Technical limitations and designer’s warnings
ELIZA lacked contextual memory and understanding of meaning. Its responses depended entirely on predefined rules. In his book Computer Power and Human Reason, Weizenbaum emphasized the fundamental distinction between mechanical calculation and human judgment.
Despite its revolutionary nature, ELIZA was no more than an intelligent mirror of the user’s words, revealing its limitations in the face of complexity and highlighting the gulf between simulation and understanding.
This criticism remains crucial for the bank: in lending or fraud detection, AI must always be supervised by human experts to avoid erroneous decisions and maintain legal accountability.
The resurrection of the original code: archaeological news
In 2021, ELIZA’s source code was found in the MIT archives and published as open source. In 2024, a team restored it on an IBM 7094 emulator, faithfully reproducing the original interactions.
This historical restoration offers a glimpse into the early days of conversational AI. The code, accessible in GNU Emacs, is used in university curricula to teach the fundamentals of AI and received a Legacy Peabody Award in 2021.
For the financial sectors, ELIZA reminds us that AI lacks real understanding. Clear transparency about its capabilities limits the risks of excessive sharing of personal data, and strengthens customer confidence in digital services.
ELIZA today: a fundamental lesson for the AI era
More than an artifact: a timeless case study
ELIZA, created in 1966 by Joseph Weizenbaum at MIT, marked a milestone in the history of AI. This chatbot used simple patterns and rules to simulate a conversation. The “DOCTOR” script mimicked a Rogerian psychotherapist, reformulating statements into questions. Yet it didn
Yet users often perceived human understanding. This “ELIZA effect” reveals our tendency to anthropomorphize machines. Today, in the face of LLMs, this distinction between simulation and genuine intelligence is vital. Financial institutions must
Implications for companies and trust management
In the banking and insurance sectors, managing customer expectations is paramount. Chatbots need to be transparent about their nature: they don’t understand language, only simulate responses.

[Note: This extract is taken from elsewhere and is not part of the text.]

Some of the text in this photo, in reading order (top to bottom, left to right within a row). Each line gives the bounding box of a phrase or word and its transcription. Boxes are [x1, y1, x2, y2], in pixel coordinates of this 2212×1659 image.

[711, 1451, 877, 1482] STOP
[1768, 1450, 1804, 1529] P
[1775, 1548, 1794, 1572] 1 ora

- Clearly define the capabilities and limitations of chatbots for customers.
- Avoid overselling the empathy or understanding of automated agents.

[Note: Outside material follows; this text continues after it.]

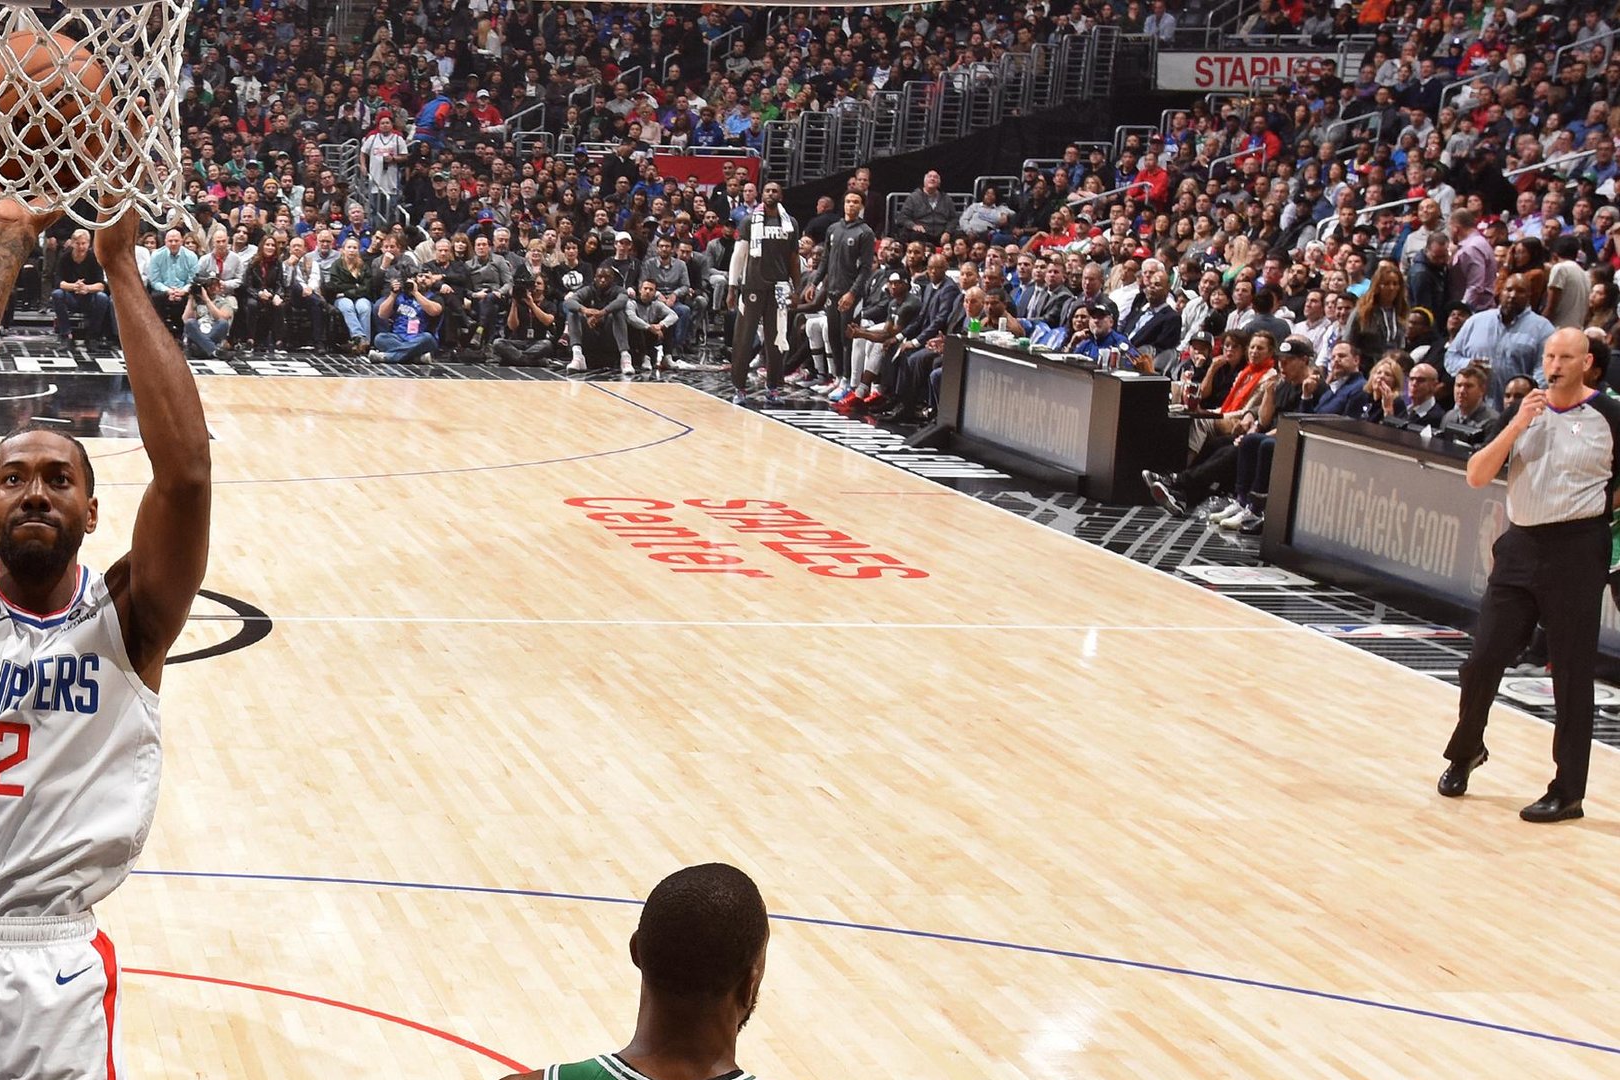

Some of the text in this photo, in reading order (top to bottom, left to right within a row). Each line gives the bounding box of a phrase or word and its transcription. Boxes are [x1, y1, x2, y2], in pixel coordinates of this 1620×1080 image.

[1195, 56, 1325, 87] STAPLS
[563, 496, 775, 578] Center
[683, 498, 931, 579] STAPLES
[1297, 460, 1461, 578] NBATickets.com

- Take into account the psychological impact of man-machine interactions when designing customer paths.
- Ensuring ethical responsibility in the deployment of simulated technologies.
These principles enable us to build lasting customer relationships based on transparency and trust. In a sector where trust is essential, this vigilance is essential to prevent disappointment and maintain reputation.
ELIZA, despite its age, illustrates the essential point: a simulation is not understanding. For banks and insurance companies,
FAQ
What is the ELIZA effect and what does it mean for financial institutions?
The ELIZA effect refers to the tendency of users to attribute human understanding and intelligence to automated systems, even when they lack these capabilities. In the banking sector, this effect can lead to over-reliance on chatbots, risking misunderstandings about their real limitations. Institutions therefore need to systematically clarify the capabilities and restrictions of these tools in order to preserve the transparency and security of customer interactions.
What was the ELIZA chatbot and its historic role?
Created in 1966 by Joseph Weizenbaum at MIT, ELIZA is considered the first chatbot in history. Its operation was based on a pattern matching method that generated responses based on predefined rules. Although initially designed to simulate Rogerian therapy, ELIZA revealed the limits of machine understanding, underlining the importance of transparency in human-machine interaction, a key principle for modern banking services.